I don’t feel alone anymore.
I don’t feel as if I have to do things on my own.
I was given my own computer and I am taking computer classes, yoga and am in a walking club. I am learning about me. I’m no where near ready to move on . There’s no rush here. Just a safe space. I am incredibly grateful.
I arrived at The Dwelling Place at 6am about one month ago right before my 23rd birthday. I had been living with my boyfriend for several years. He emotionally battered me and then the physical abuse began.
Choking me, taking away my belongings, and locking me in the apartment. The first time I called the NYPD, they arrived and refused to listen to me. He told them I was “crazy” so they forced me to go to a psychiatric ward which, in the end, was the very best thing to happen to me.
There I was visited by a social worker from a sexual assault prevention program. She told me about a small residence for women who were about my age that had an available bed. When I heard the word “shelter,” I was terrified. I pictured a huge awful and dangerous place because that is what I heard. I went home. The next day, I called the NYPD again because my boyfriend threw me on the bed and took away all of my belongings. This time, the NYPD knew about The Dwelling Place and they called for me. They said there was an available space so I packed what I could and ran.
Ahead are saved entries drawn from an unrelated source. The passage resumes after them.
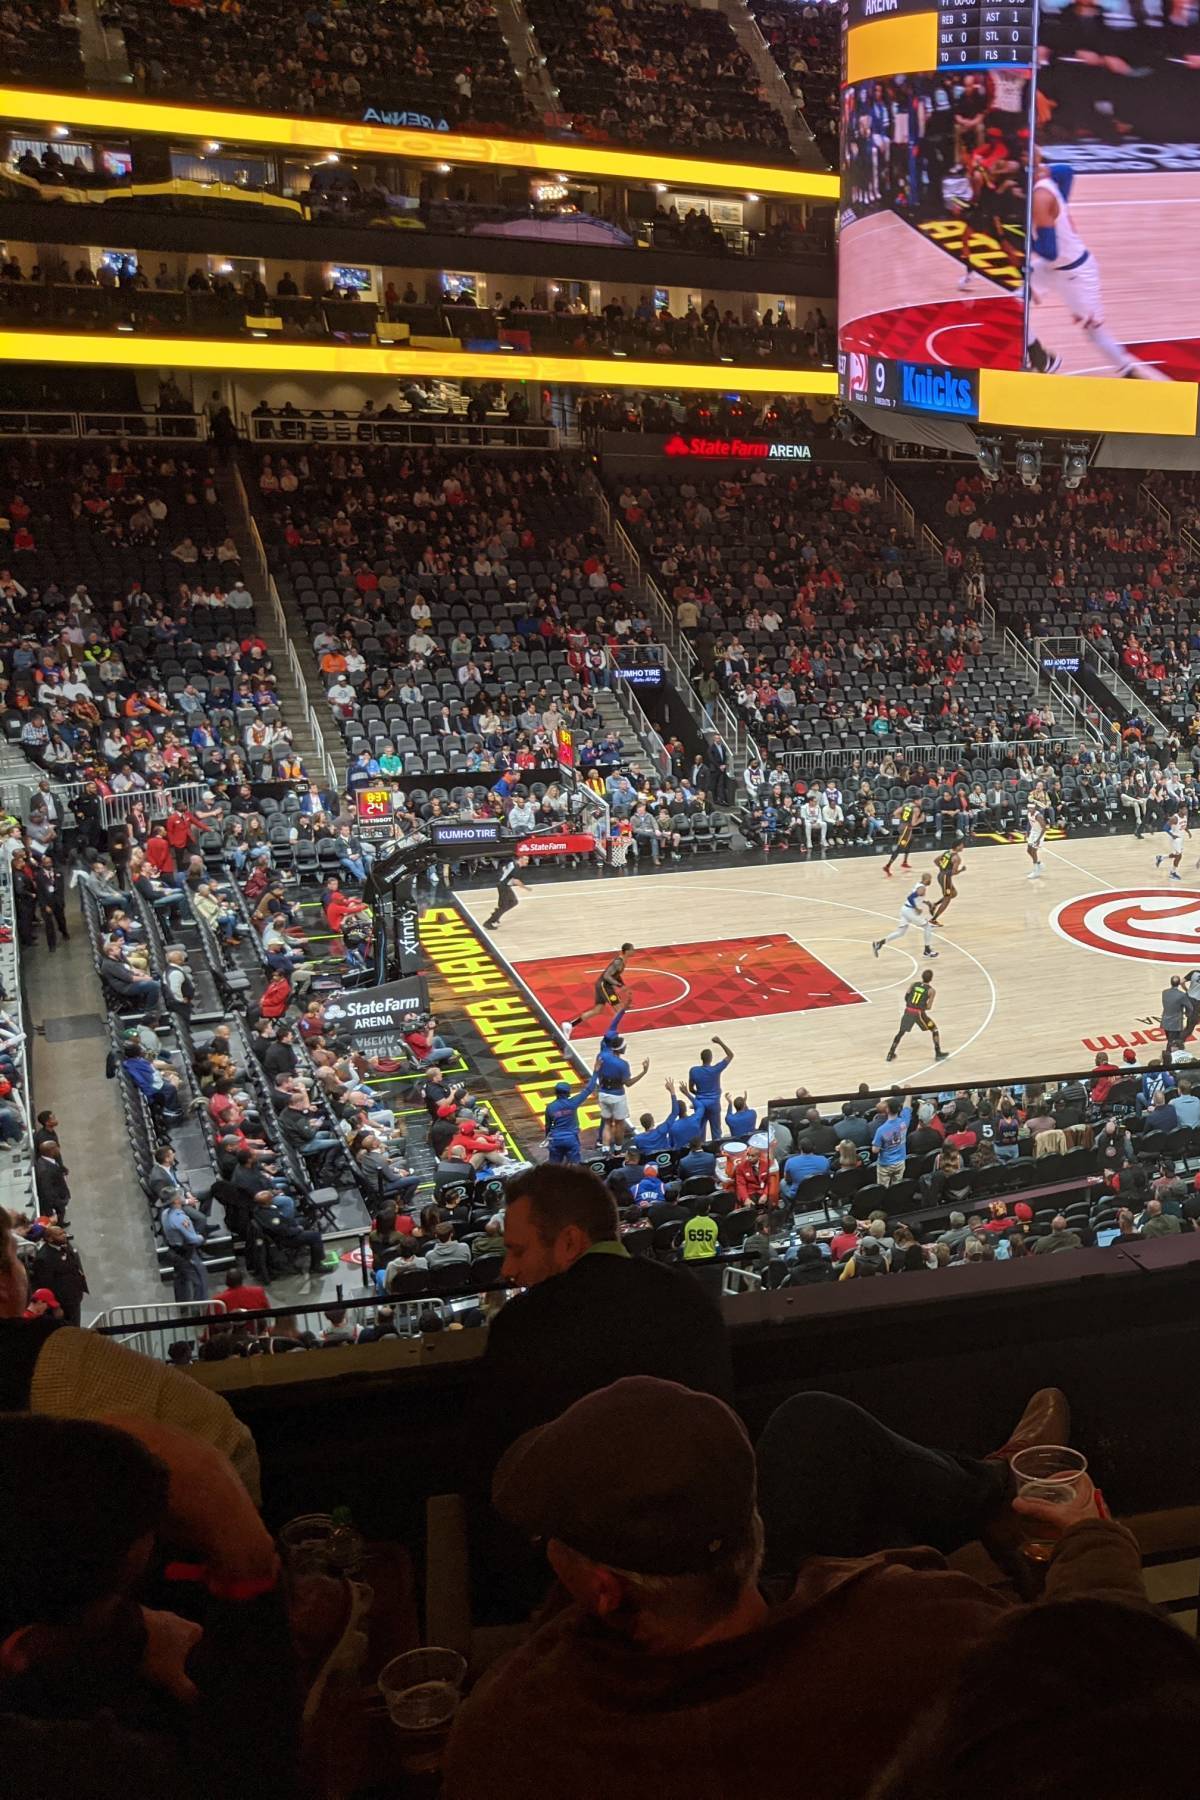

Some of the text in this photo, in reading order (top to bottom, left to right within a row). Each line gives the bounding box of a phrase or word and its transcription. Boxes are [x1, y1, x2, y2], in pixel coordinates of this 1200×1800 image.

[941, 11, 1018, 24] REB 3 AST 1
[941, 31, 1018, 43] BLK 0 STL 0
[941, 50, 1017, 62] TO 0 FLS 1
[875, 362, 885, 393] 9
[903, 366, 971, 410] Knicks
[769, 444, 812, 458] ARENA
[367, 803, 383, 814] 24
[439, 829, 496, 840] KUMHO TIRE
[400, 908, 419, 955] xfinity
[418, 906, 511, 993] HAWKS
[911, 991, 921, 1004] 11
[354, 1015, 394, 1030] ARENA
[982, 1124, 994, 1138] 5
[688, 1228, 714, 1242] 695
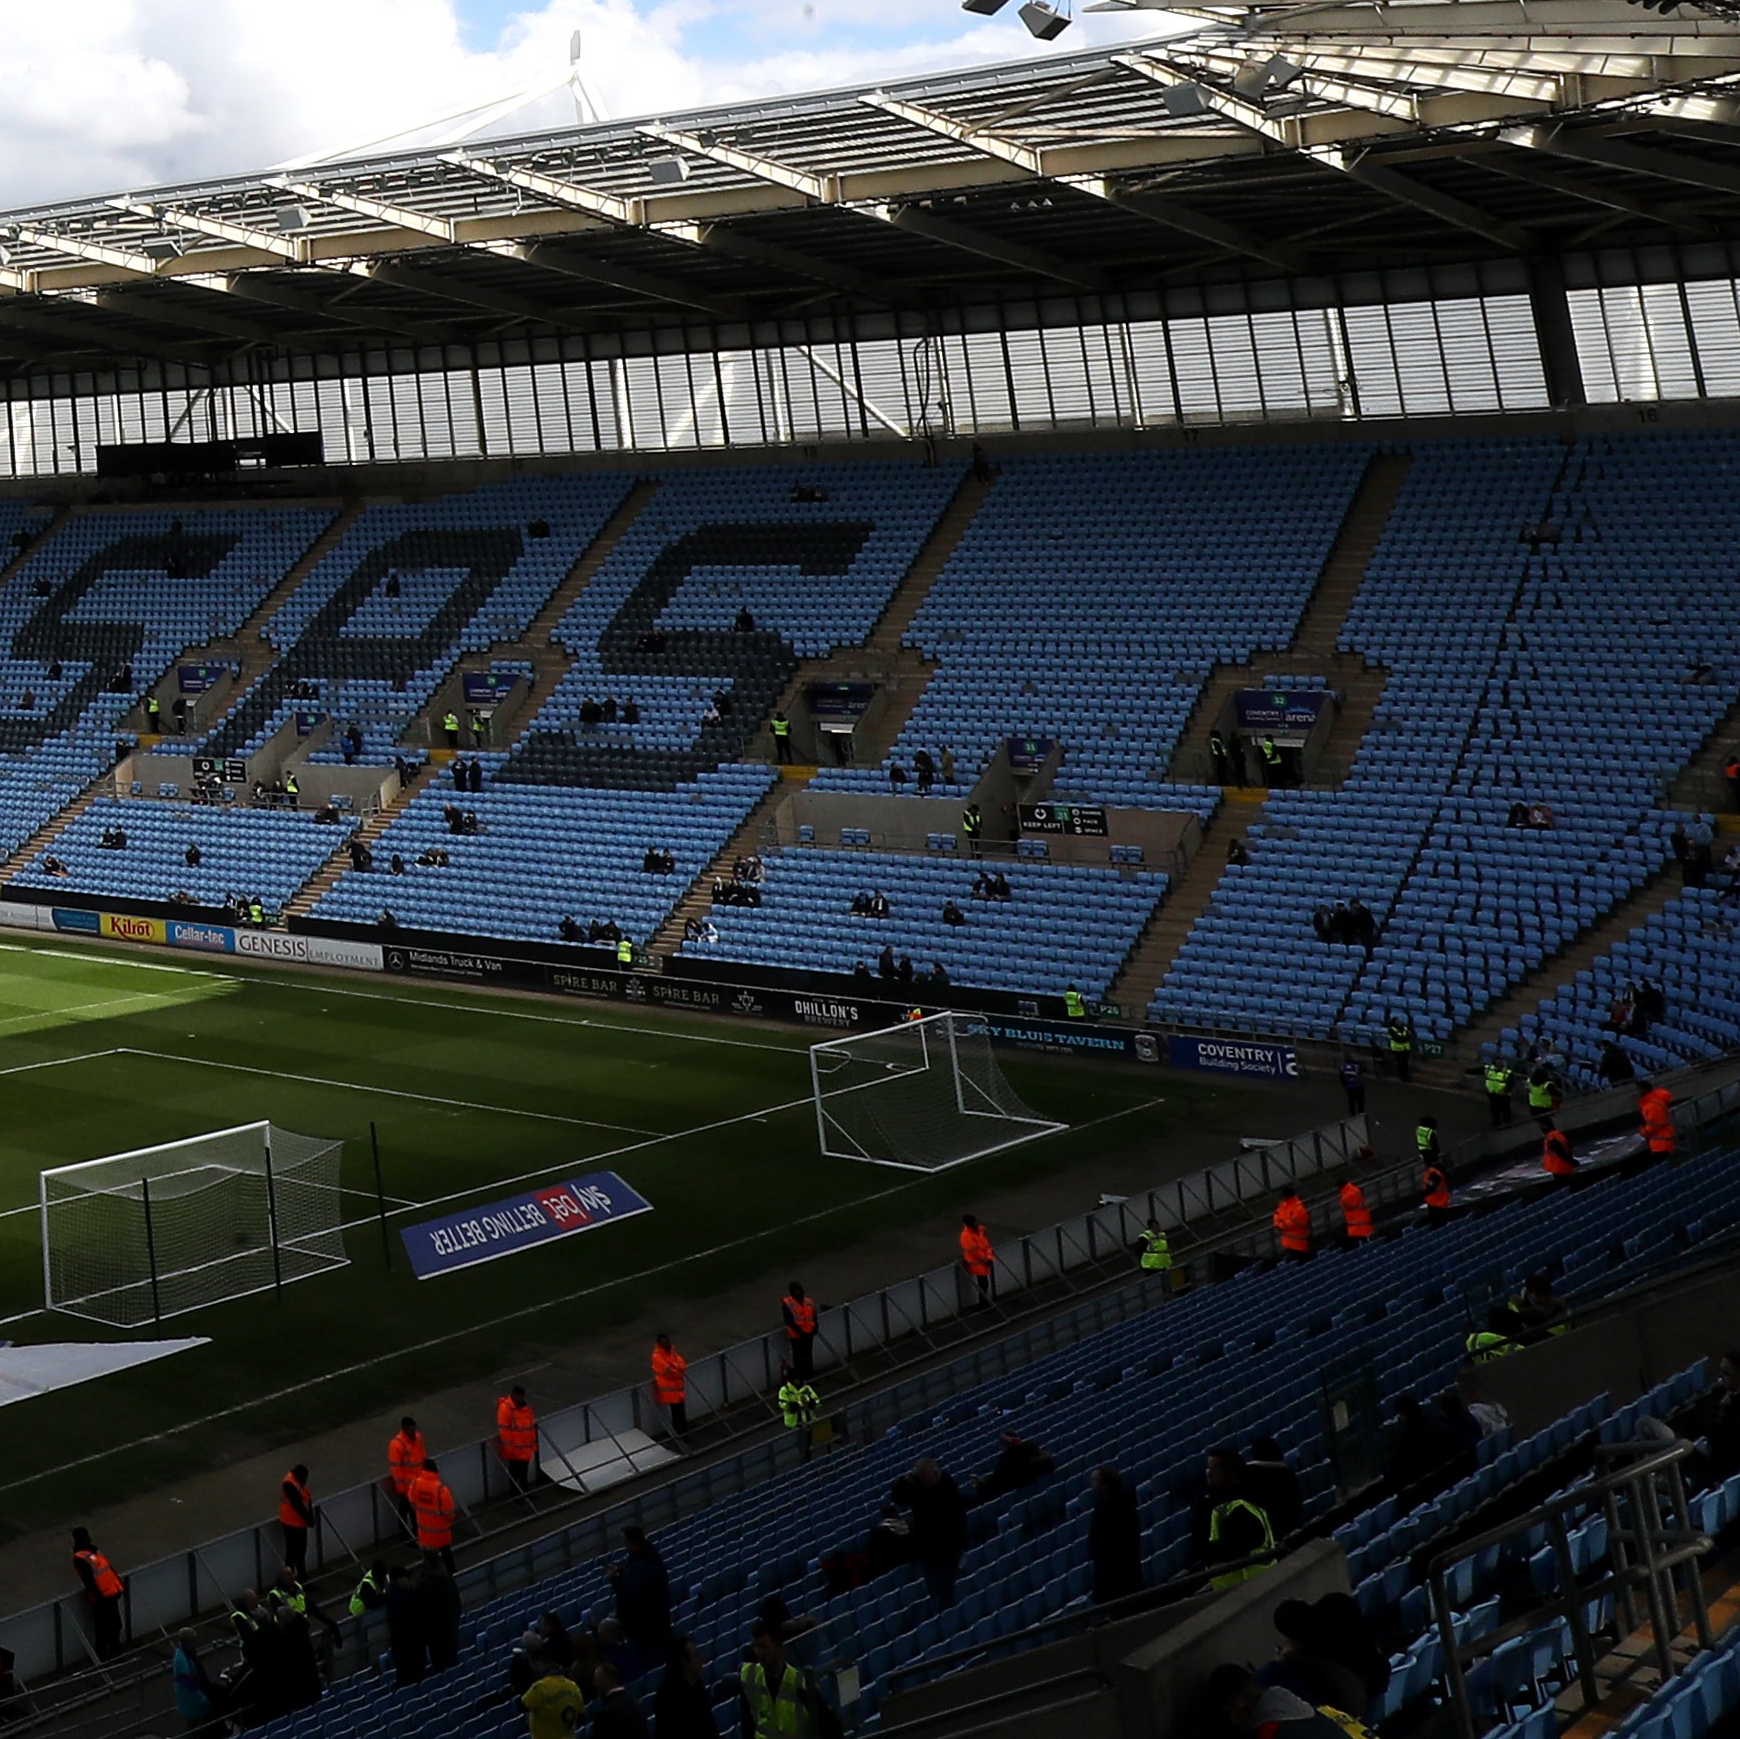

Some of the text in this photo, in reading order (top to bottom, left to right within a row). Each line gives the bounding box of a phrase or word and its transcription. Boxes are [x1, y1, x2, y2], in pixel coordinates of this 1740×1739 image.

[111, 917, 151, 938] Kilrot
[174, 924, 225, 946] Cellar-tec
[239, 934, 379, 966] GENESIS EMPLOYMENT
[408, 950, 449, 965] Midlands
[449, 955, 474, 969] Truck
[475, 959, 484, 970] &
[485, 962, 503, 972] Van
[553, 971, 618, 992] SPIRE BAR
[652, 984, 690, 1001] SPIRE
[693, 990, 721, 1005] BAR
[794, 999, 859, 1021] DHILLON'S
[804, 1014, 851, 1028] BREWERY
[1054, 1032, 1125, 1051] TAVERN
[1424, 1043, 1442, 1056] P27
[1197, 1042, 1274, 1063] COVENTRY
[1199, 1056, 1240, 1073] Building
[1240, 1060, 1276, 1076] Society
[428, 1183, 613, 1257] sky bet BETTING BETTER
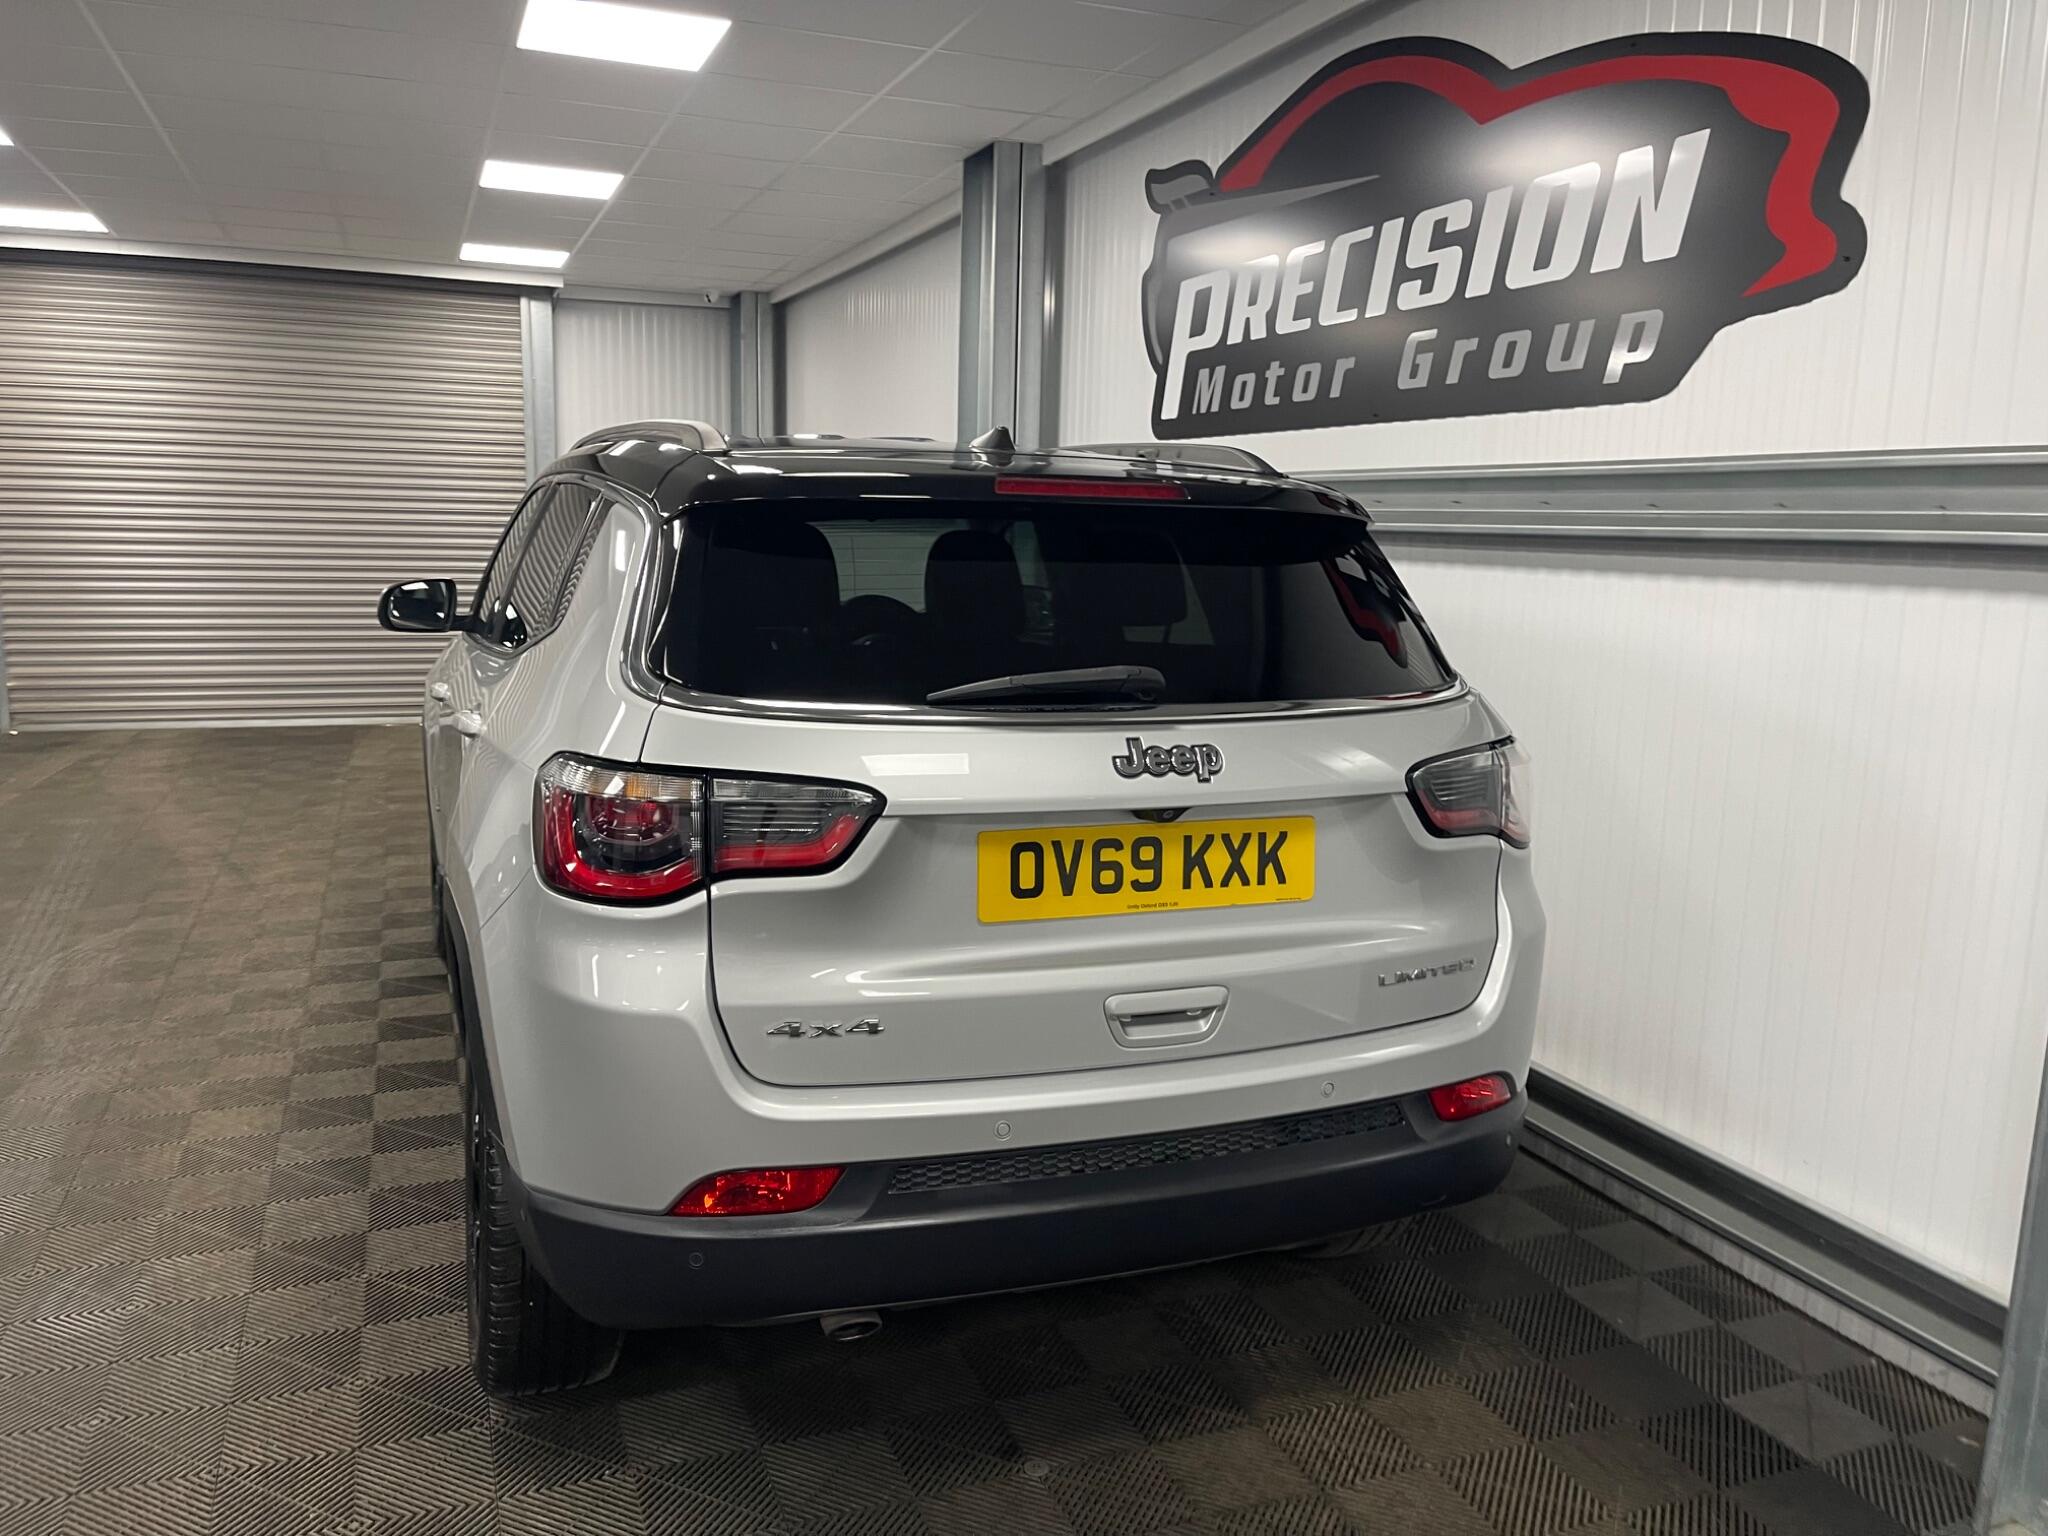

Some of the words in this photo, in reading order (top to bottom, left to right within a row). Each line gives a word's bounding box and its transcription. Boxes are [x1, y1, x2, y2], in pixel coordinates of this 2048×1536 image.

[1160, 128, 1711, 420] PRECISION
[1191, 356, 1355, 415] Motor
[1397, 309, 1664, 390] Group
[1112, 737, 1225, 783] Jeep
[1010, 836, 1163, 899] OV69
[1182, 831, 1288, 890] KXK
[1378, 959, 1474, 987] LIMITED
I was greeted by many staff people. It was early and I was so scared. They asked what I wanted for breakfast, and they brought me exactly what I asked for. They told me that it was their job to make sure that I felt safe. I hadn’t slept in days, so I went up to my room. I was greeted with a bed near a window and a basket of lotions, soaps, and all sorts of items that made me feel so special. There were three other people in my room- all my age and they embraced me. I took yoga, participated in game night, and laughed with my new friends and most importantly a feeling of safety washed over me
The director appeared with me at my virtual court hearing where I was granted a total stay away order and given time to pack all of my belonging. She accompanied me to pick up my belongings and I was not scared of him. After all, I had a new home.
I have a full-time job now and I opened a checking and savings account of my own. They pack breakfast and lunch for me so I can save money. I have returned to school full time as well and am continuing my dream of one day entering medical school.
It was at the very beginning of Covid, I remember that day. It was cold and the City had an eerily quiet feeling. My husband, who had been an alcoholic for many years, lost is job and the abuse, which had started slowly, exacerbated. Where could I go?
I couldn’t leave so I stayed. About 6 weeks later he hit me hard enough to end up in a hospital. There I met a social worker who referred me to “a small women’s residence.” I had never been homeless. I had never taken care of myself. She came with me for an intake appointment.
The staff and the residents were warm and welcoming. I ate lunch with the staff and some of the women. Everyone had a mask on. Covid was still ravaging the city but the covid precautions were almost more stringent than a hospital. There was one person who disinfected all day.
I slept and ate as if I had never done either. They helped me enroll into a job training program for those who want careers in human services. They gave me a computer and a quiet place.
I have a job and my own savings account.
We had fun barbecues al summer and I helped to plant the garden. I am safe. My life began the day I walked I the door. They appeared at all of my court hearings and found me a therapist.
There are no judgments here.
I have also made friends. We have a running game of monopoly and I joined the walking club. I hope The Dwelling place is able to grow so they can help more women like me.